Observations and comments about state government by State Representative Robert W. Pritchard.
The State’s new Health Insurance contract took another detour last week thus adding to the confusion, frustration and justifiable concern of state employees and retirees. Enrollment in one of the plan options must still be made by the close of business on Friday June 17.
Last Friday a circuit judge in Sangamon County issued a temporary restraining order against Governor Pat Quinn’s administration – ordering it to stop implementation of the Open Access Plan (OAP) contracts while the court litigates the underlying claims made by Health Alliance and Humana. The Governor has indicated that he intends to appeal the decision of the circuit court.
In response to Friday’s ruling, the Commission on Government Forecasting and Accountability (COGFA) voted on June 14 to give the Governor the authority to enter into 90 day emergency group health insurance contracts with the current providers of insurance. The Quinn administration believes they could have the contracts finalized as soon as today or Thursday.
As information becomes available, it will be emailed to plan members and posted on the Illinois Department of Central Management Services (CMS) website: (www.benefitschoice.il.gov). Look for the plan based on your employment (such as State Employee Insurance and Benefit Programs, Teachers’ Retirement Insurance Program, etc.).
As contracts are finalized, the CMS website will be able to provide the most up-to-date information available. I ask that you please share this email and information with other state employees, teachers and retirees that you may know.
Again let me say that the confusion about the new insurance plan has resulted from the Governor’s decision to change providers, the appeals made by the insurance companies who lost the contract, and the failure of the new providers to have a state-wide network of doctors and hospitals that are preferred by employees and retirees. I have been involved in legislative efforts to overturn, delay and modify the Governor’s actions. The resulting confusion and concern among employees and retirees was unnecessary.
While not all of the information regarding the 90-day plan extension has been finalized, I want to pass along the following questions and answers (Q & A) from CMS that were published today in the State Journal-Register newspaper in Springfield.
Questions and answers
Q: How soon will there be more managed-care options available to members of the state of Illinois group health insurance plan?

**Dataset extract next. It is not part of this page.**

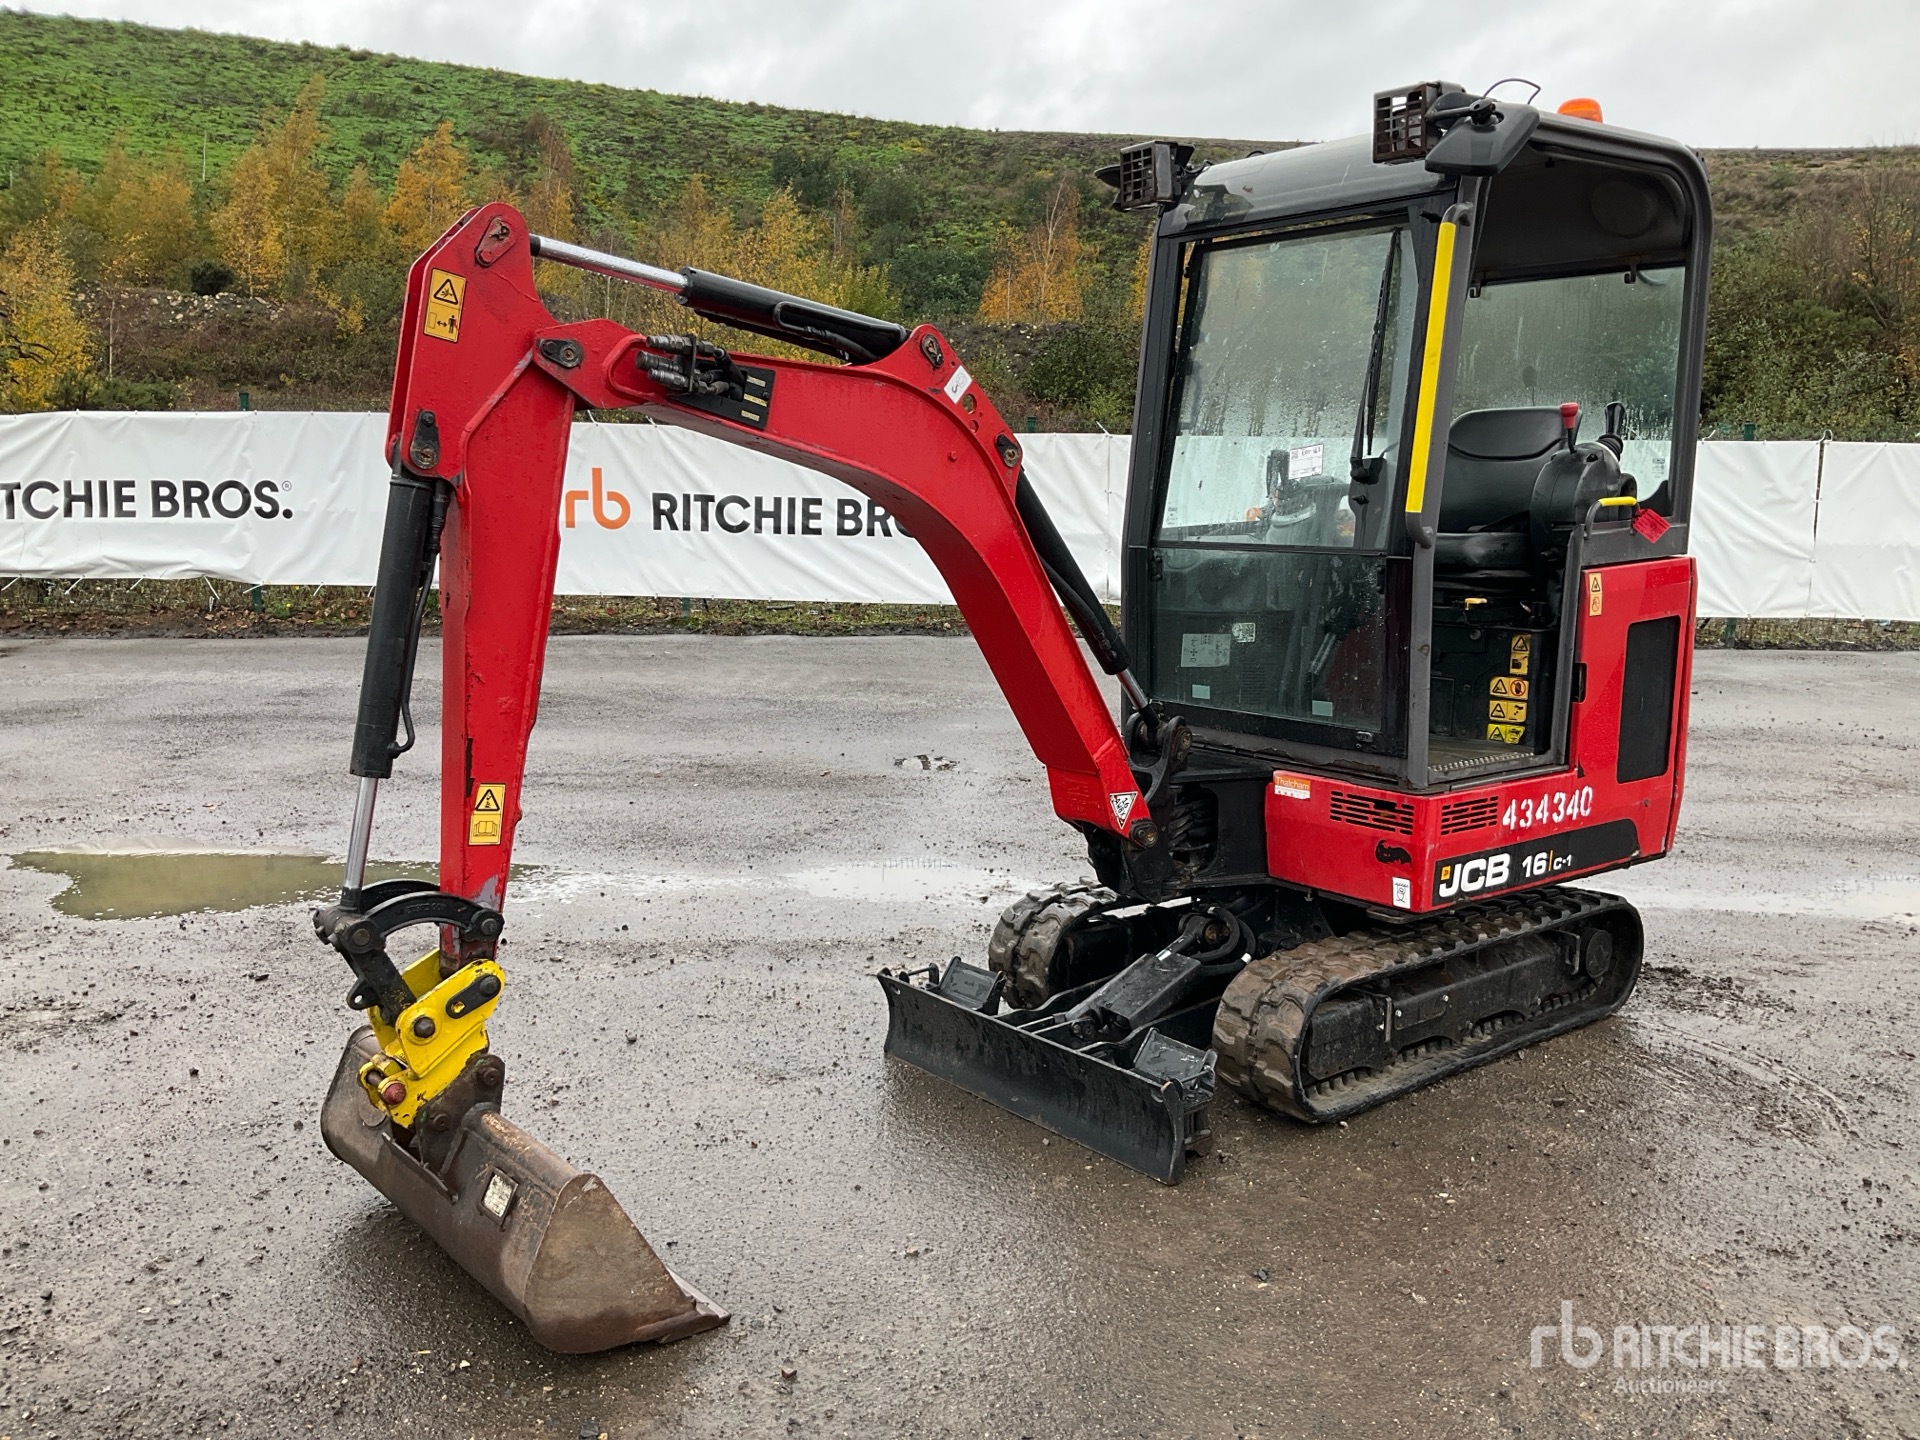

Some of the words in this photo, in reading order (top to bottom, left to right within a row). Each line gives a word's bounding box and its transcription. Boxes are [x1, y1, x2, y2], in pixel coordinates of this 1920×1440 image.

A: Emergency 90-day contracts could be finalized as soon as today or Thursday, in which case information will be emailed to plan members and posted on the Web site of the Illinois Department of Central Management Services (www.benefitschoice.il.gov).
Q: If a member is already covered by Health Alliance, HealthLink OAP or Humana HMO and hasn’t made a decision on a health-care plan for fiscal 2012, and the state is able to offer 90-day contracts with those three plans, does the member have to notify the state to continue coverage?
A: No. But if the member is now covered by one of those plans, already has chosen another plan for fiscal 2012 and wants to switch back to the original plan, the member must file paperwork making his or her choice known. To guarantee the selection, the member’s paperwork must be received by the state by 5 p.m. Friday. It’s still possible the state will be able to change selections based on paperwork submitted a few days after Friday, but it’s not guaranteed.
Q: What if 90-day contracts can’t be worked out with Health Alliance or HealthLink or Humana or Personal Care before Friday?
A: If people currently covered by those plans fail to make a selection by the end of business Friday, and there are no new short-term contracts with those vendors, people will be enrolled, by default, in CIGNA’s Quality Care plan – at least for the time being. State officials stress, however, that there will be another enrollment period sometime this fall, so people will have another chance to make changes.
Q: If a member has signed up for the HealthLink OAP for fiscal 2012 to receive Tier 1 benefits, and both HealthLink and Health Alliance are included in the 90-day contracts, does the member need to switch to Health Alliance to ensure access to Springfield Clinic doctors?
A: It’s possible that your doctor will participate in both Health Alliance and in the Tier 1 benefit of HealthLink’s OAP, so members of both Health Alliance and HealthLink could have HMO-type coverage for care. More details are expected in the next few days.